Distill TotalSegmentator with Monai and Keras 3
TotalSegmentator is a tool for medical segmentation of most major anatomical structures. If you are starting a new project and you need quick segmentations, this tool is great with a permissive license! But it comes with a some costs:
- You dont controll the data. Usually in ML projects most improvments come from identifing cases your model is wrong and adding their type to training, but with TotalSegmentator you cannot as their dataset is paritally private and finetuing this project doesnt look easy.
- TotalSegmentator learned to segment many structures and you might need only a few. You might be able to use a mutch smaller faster model depending on your task.
Instead of using TotalSegmentaor as is, you can use it to create “weak labels” on your data. This could be a great start for creating initial sementation masks for your annotation team.
The following post will show how to create weak labels for the BTCV dataset with Totatlsegmentator and evaluate training on them compared to training on the real labels. I use the Monai framework and as an experiment wraped it in keras 3 with a pytoch backend. The code to reproduce is in my github
BTCV Data
50 abdomen CT scans (30 train, 20 test) with train segmentation labels for spleen, right/left kidneys, gallbladder, esophagus, liver, stomach, aorta, inferior vena cava, portal/splenic vein, pancreas, and right/left adrenal glands.

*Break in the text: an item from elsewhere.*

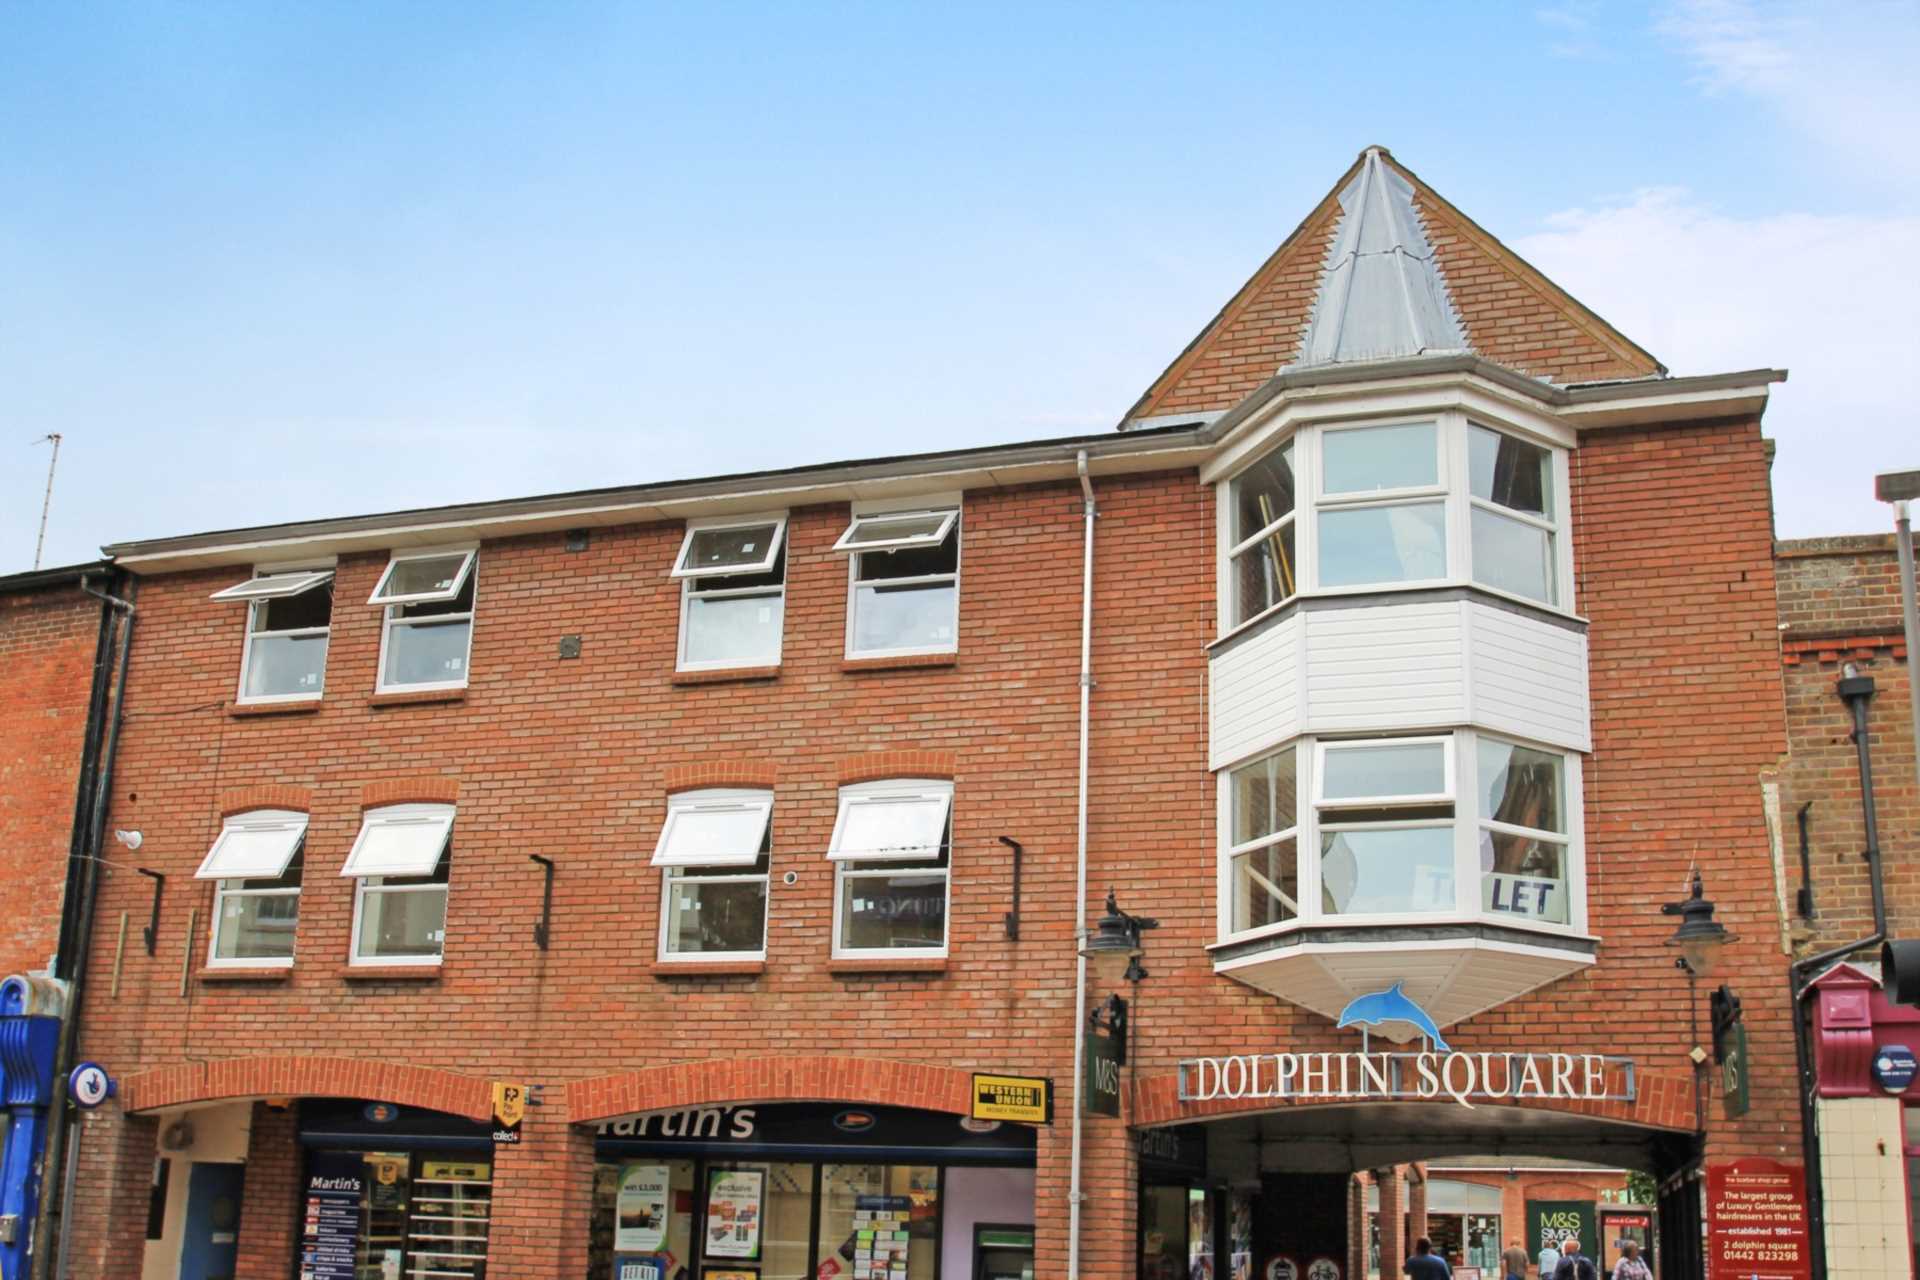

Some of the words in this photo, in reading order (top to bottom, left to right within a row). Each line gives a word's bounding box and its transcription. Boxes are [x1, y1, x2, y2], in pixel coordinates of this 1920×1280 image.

A typical slice with its segmentations looks like:
Becuase there are only labels for the train set thats what im going to use for train + validation. The validation images are the same used in many monai examples such as this one.
Create Weak Labels
Creating “weak labels” in this case means using TotalSegmentator to generate segmentation masks for the entire dataset and saving them in the same format as the original labels.
for nii_file in nii_files:
output_folder = Path(args.output_path) / (nii_file.stem[:-4])
totalsegmentator(
nii_file,
output_folder,
fast=True,
roi_subset=[
"spleen",
"kidney_right",
"kidney_left",
"gallbladder",
"liver",
"stomach",
"aorta",
"inferior_vena_cava",
"portal_vein_and_splenic_vein",
"pancreas",
"adrenal_gland_right",
"adrenal_gland_left",
"esophagus",
],
)
masks = []
for i, f in enumerate(label_files_order, start=1):
m = nib.load(output_folder / f).get_fdata()
m = m * i
masks.append(m)
mask = np.sum(masks, axis=0)
# Load the original NIfTI file to get the header and affine
original_nii = nib.load(nii_file)
new_nii = nib.Nifti1Image(mask.astype(np.int32), original_nii.affine, original_nii.header)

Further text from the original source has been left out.